German writer (1908–1993)

Hans Werner Richter (12 November 1908 – 23 March 1993) was a German writer.

Born the son of a fisherman in Neu Sallenthin on the island of Usedom, Richter worked first in a bookshop in Swinemünde (now Świnoujście in Poland) and later moved to Berlin.

He fought in World War II and was taken prisoner in 1943. After the war, he established himself as a writer and co-editor of the periodical Der Ruf.

Richter is little known for his own works but found worldwide celebrity and acknowledgment as the founder, moving spirit and "grey eminence" of the Group 47, the most important literary association of the German Federal Republic of the post-war period.

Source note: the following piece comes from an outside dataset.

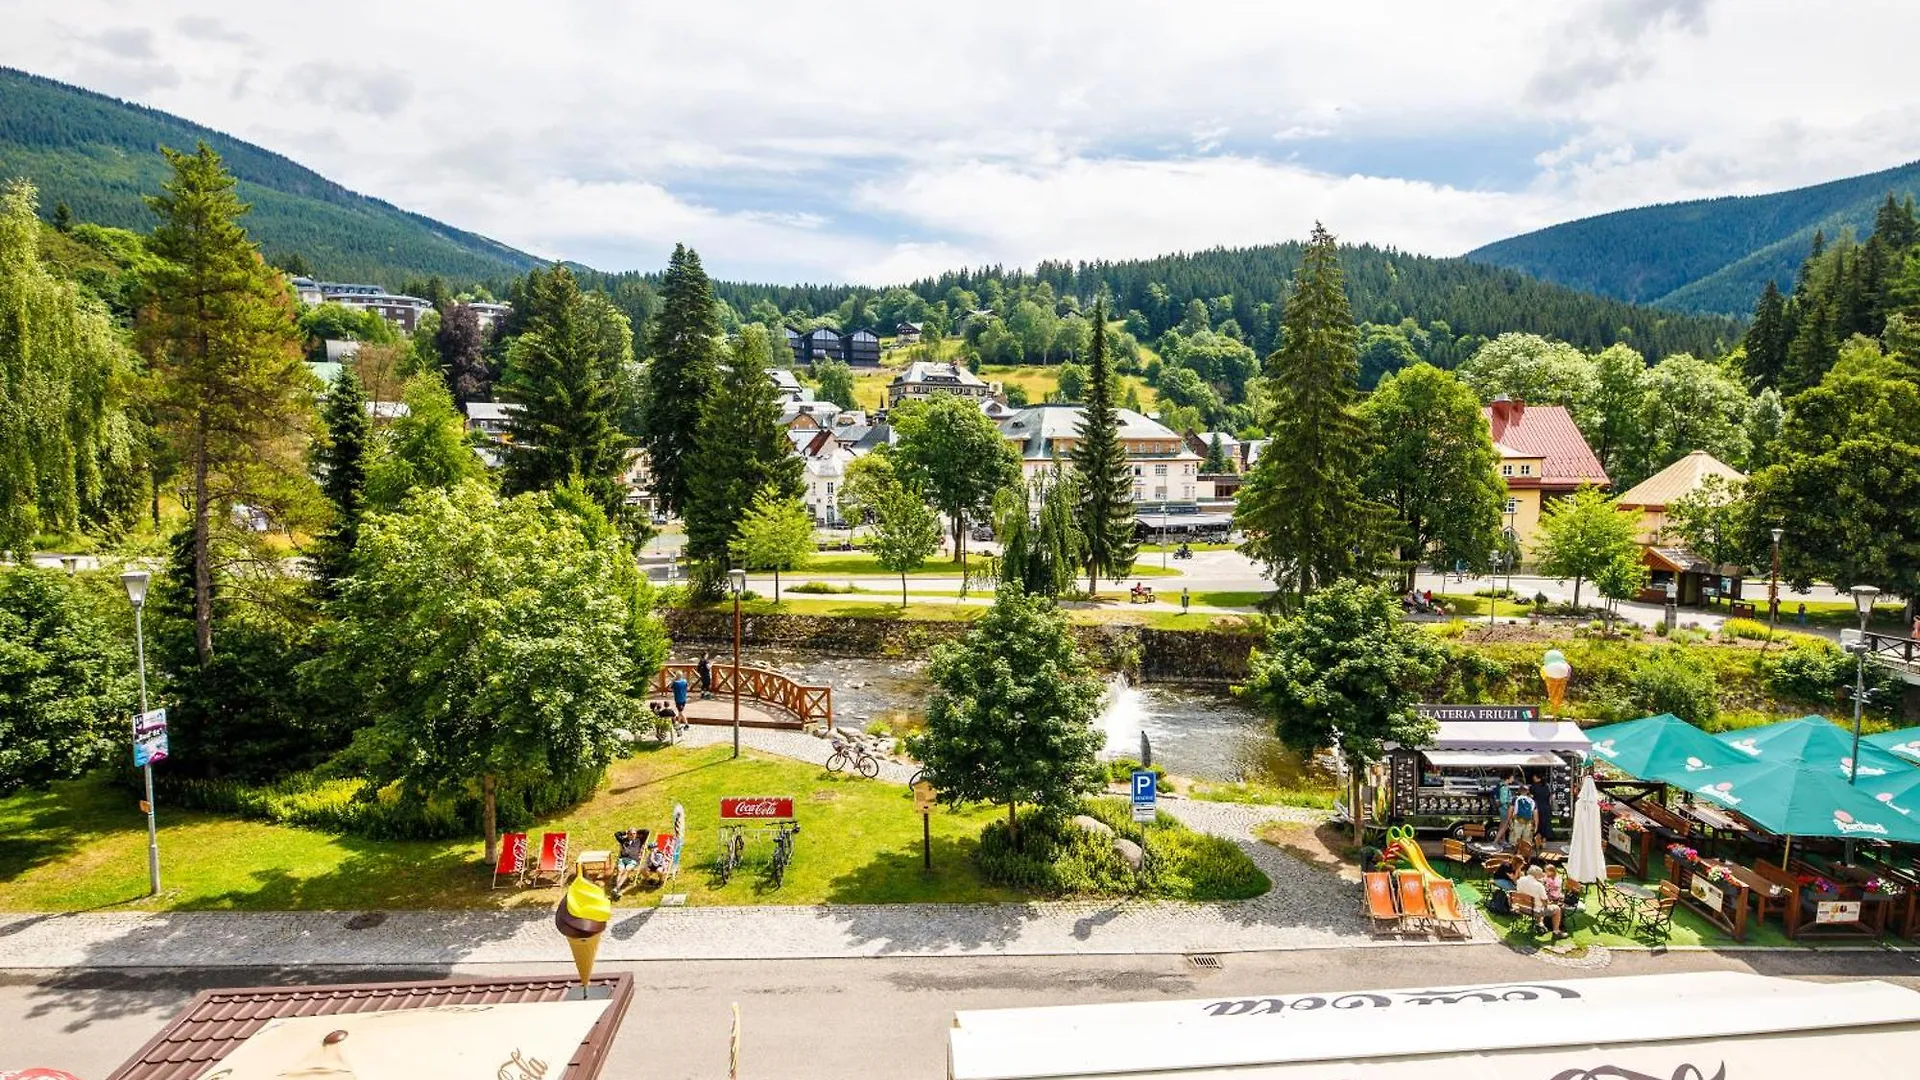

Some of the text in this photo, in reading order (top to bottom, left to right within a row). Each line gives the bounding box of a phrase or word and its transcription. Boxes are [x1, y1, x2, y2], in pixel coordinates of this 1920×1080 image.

[1419, 709, 1518, 719] ELATERIA FRIULI
[1137, 776, 1151, 795] P
[734, 801, 778, 816] Coca-Cola

Richter died in Munich, aged 84.

==Works==
- Deine Söhne Europa - Gedichte deutscher Kriegsgefangener (collected poems, 1947)
- Die Geschlagenen (novel, 1949)
- Sie fielen aus Gottes Hand (novel, 1951)
- Spuren im Sand (novel, 1953)
- Du sollst nicht töten (novel, 1955)
- Linus Fleck oder Der Verlust der Würde (1959)
- Bestandsaufnahme – Eine deutsche Bilanz (1962)
- Bismarck (1964)
- Karl Marx in Samarkand (1966)
- Blinder Alarm (story, 1970)
- Briefe an einen jungen Sozialisten (autobiography, 1974)
- Die Flucht nach Abanon (story, 1980)
- Die Stunde der falschen Triumphe (novel, 1981)
- Ein Julitag (novel, 1982)
- "Hans Werner Richter und die Gruppe 47" (1981) (How the Group 47 started)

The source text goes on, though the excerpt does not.